As many of you know, the Emerald ash borer has been running rampant through North American Ash. It has recently been found in my province, Manitoba, and poses a threat to our urban tree population.
I have been thinking about this as I walk through bush that has old borer damage of some sort - why is the Elm ash borer so devastating? There are all sorts of wood boring beetles here and elsewhere, and the local trees don’t seem to suffer too much.
So, why is this beetle so destructive? Lack of disease/predators? I thought someone in this group could provide some sort of answer.
I think the EAB is worse than other insects because it’s introduced/invasive and has no natural predators and the trees haven’t evolved defenses. There are a few ash trees with more resistance but unfortunately they are few and far between.

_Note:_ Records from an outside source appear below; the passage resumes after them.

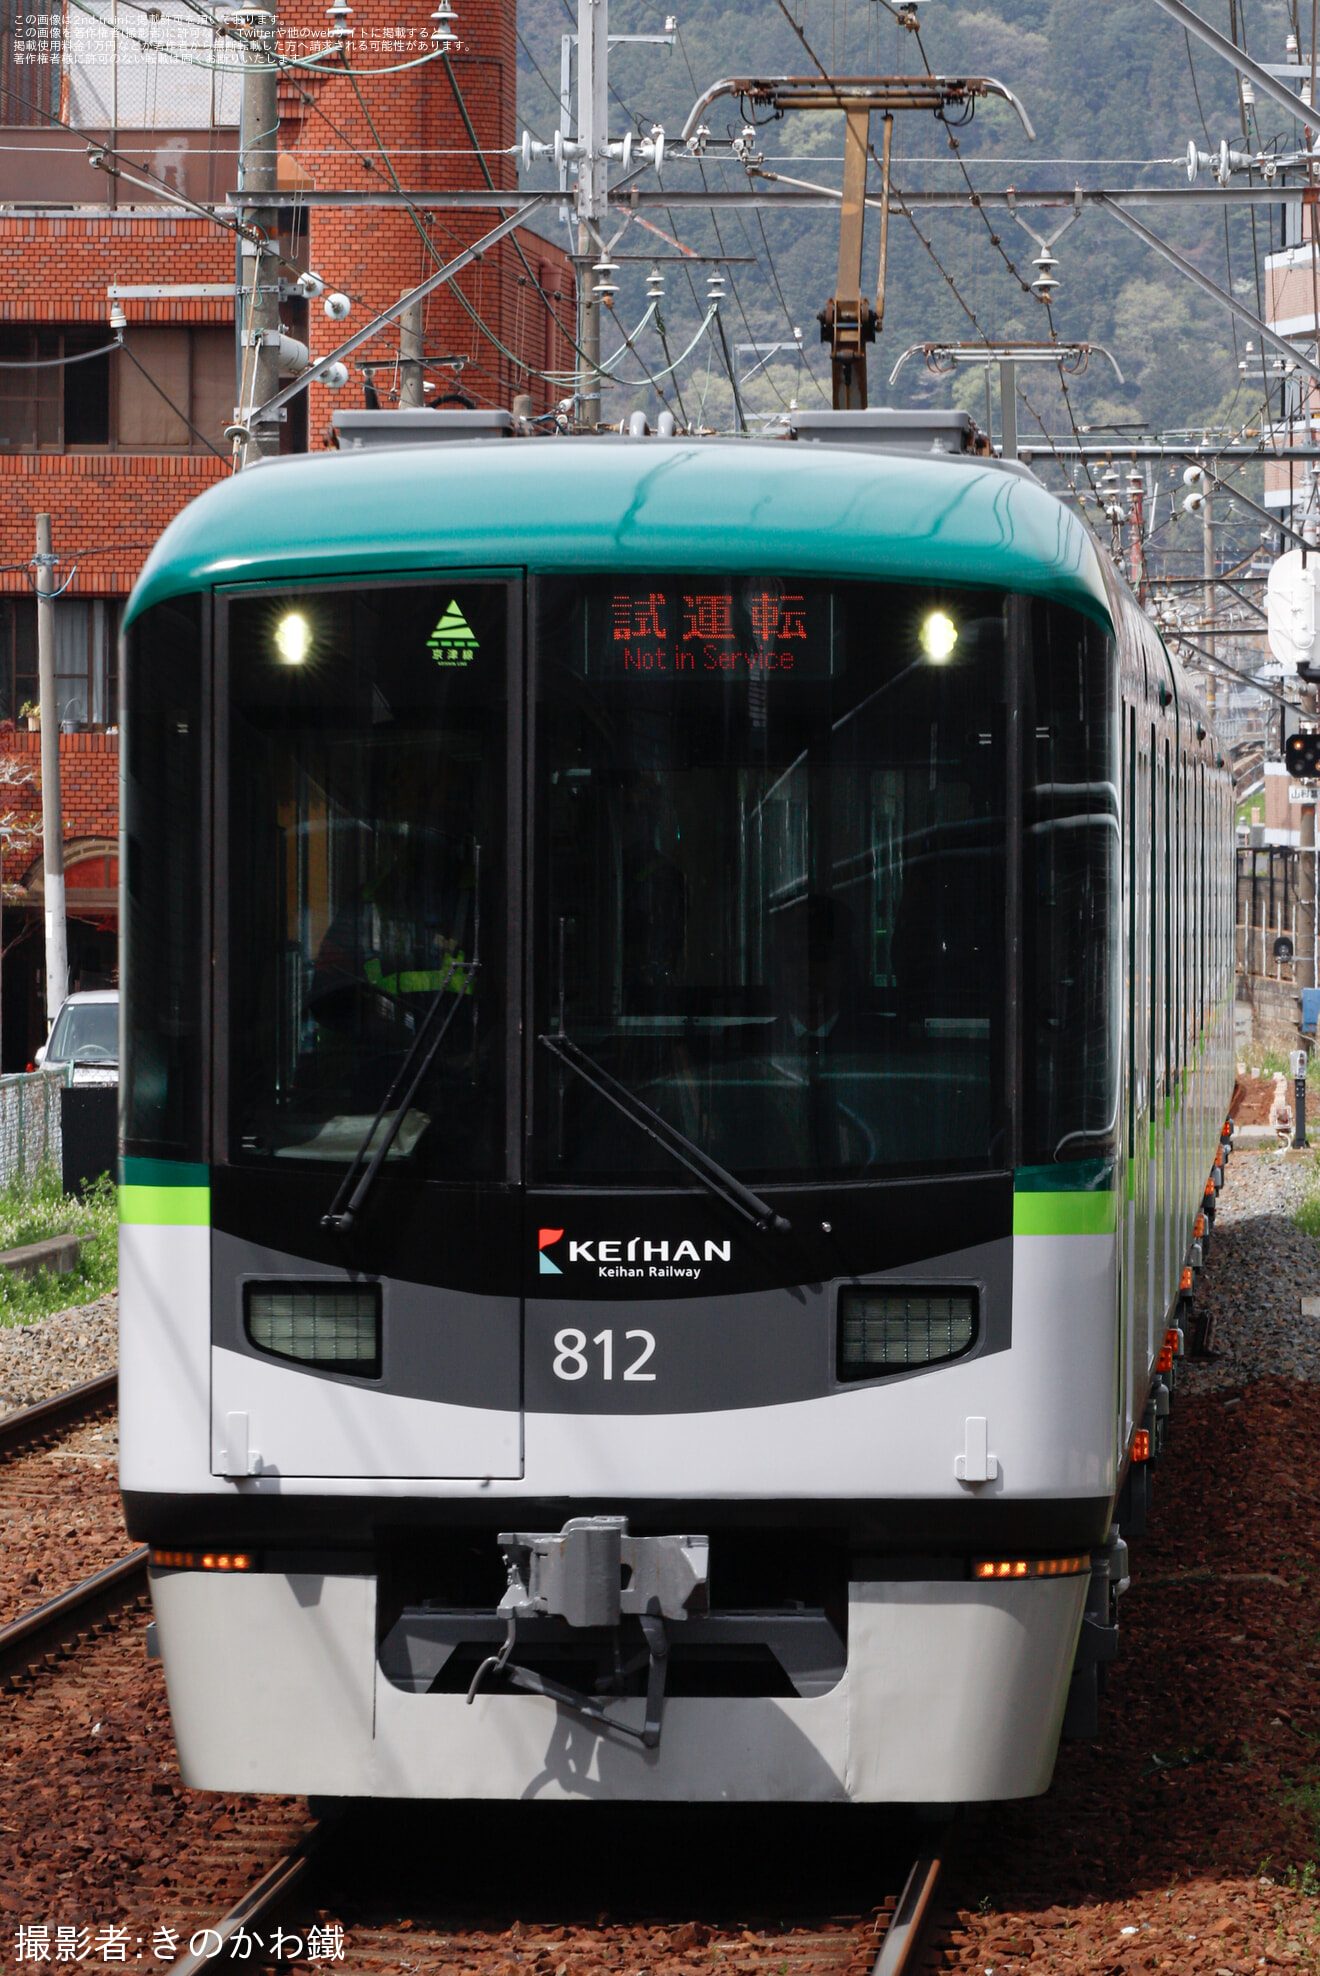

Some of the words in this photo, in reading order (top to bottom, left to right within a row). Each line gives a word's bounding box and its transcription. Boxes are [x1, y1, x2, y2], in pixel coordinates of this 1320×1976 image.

[612, 593, 807, 641] 試運転
[624, 647, 667, 670] Not
[675, 644, 695, 670] in
[703, 644, 794, 670] Service
[569, 1237, 731, 1262] KEIHAN
[598, 1266, 644, 1278] Keihan
[649, 1266, 701, 1280] Railway
[552, 1327, 657, 1381] 812
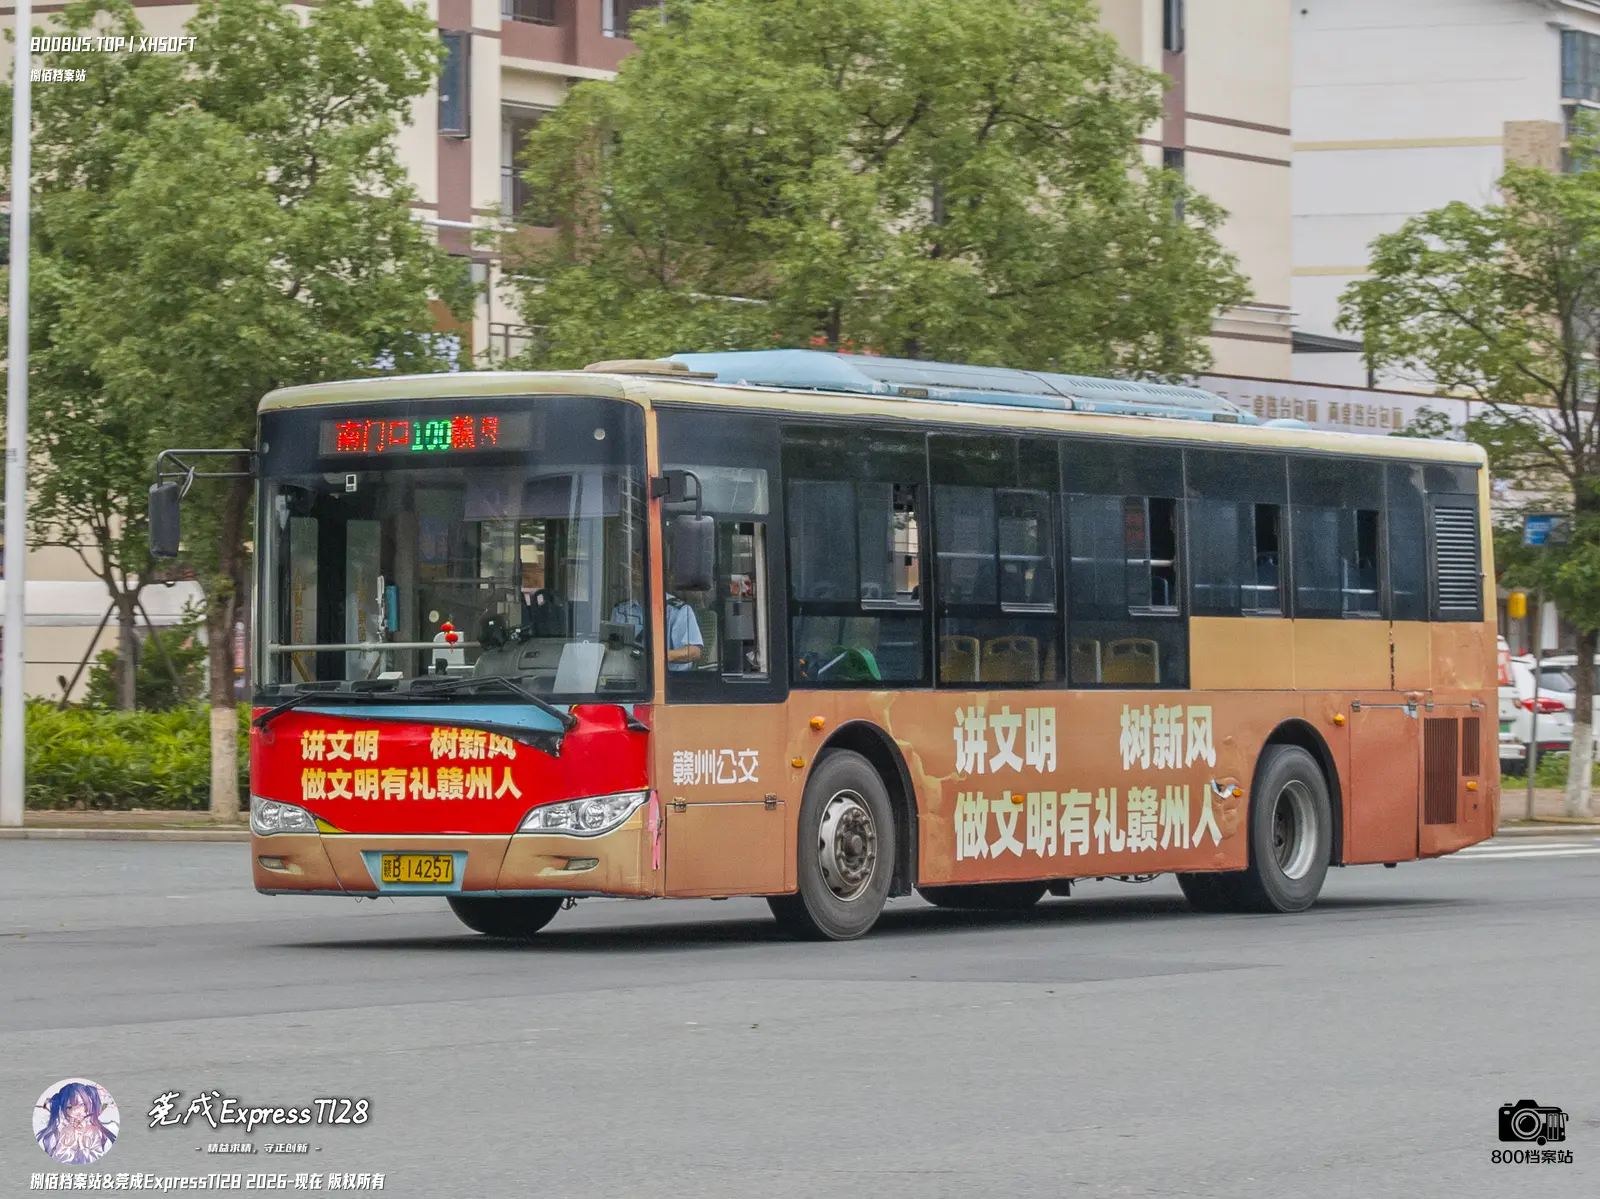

The EAB just arrived here in Vermont too including right near our home. I made a collection project and am trying to map as many ash as possible to determine their range before EAB and find any resistant trees. https://www.inaturalist.org/projects/emerald-ash-borer-in-vermont
We do have some natural controls here (I’m in Ontario), like woodpeckers, but its nowhere near enough. I agree with @charlie that one problem is the trees not having evolved their own natural/chemical defences. Regular treatments of neem oil-based product on individual trees are the only fortification we seem to have to offer them here. The stuff is pricey and iffy. Its also not a landscape-level solution because, compared to external insect pests like defoliators, borer larvae are tucked away inside the tree and harder to target. Of the species I’ve seen in Ontario, Fraxinus pennsylvanica, F. americana, and F. nigra seem to be preferred hosts. (Or maybe it just looks that way because there’s more of those on the landscape?) F. excelsior will get hit too, but its only an occasionally occurring, generally urban, tree. F. quadrangulata, on the other hand, seems to not be to EAB’s liking.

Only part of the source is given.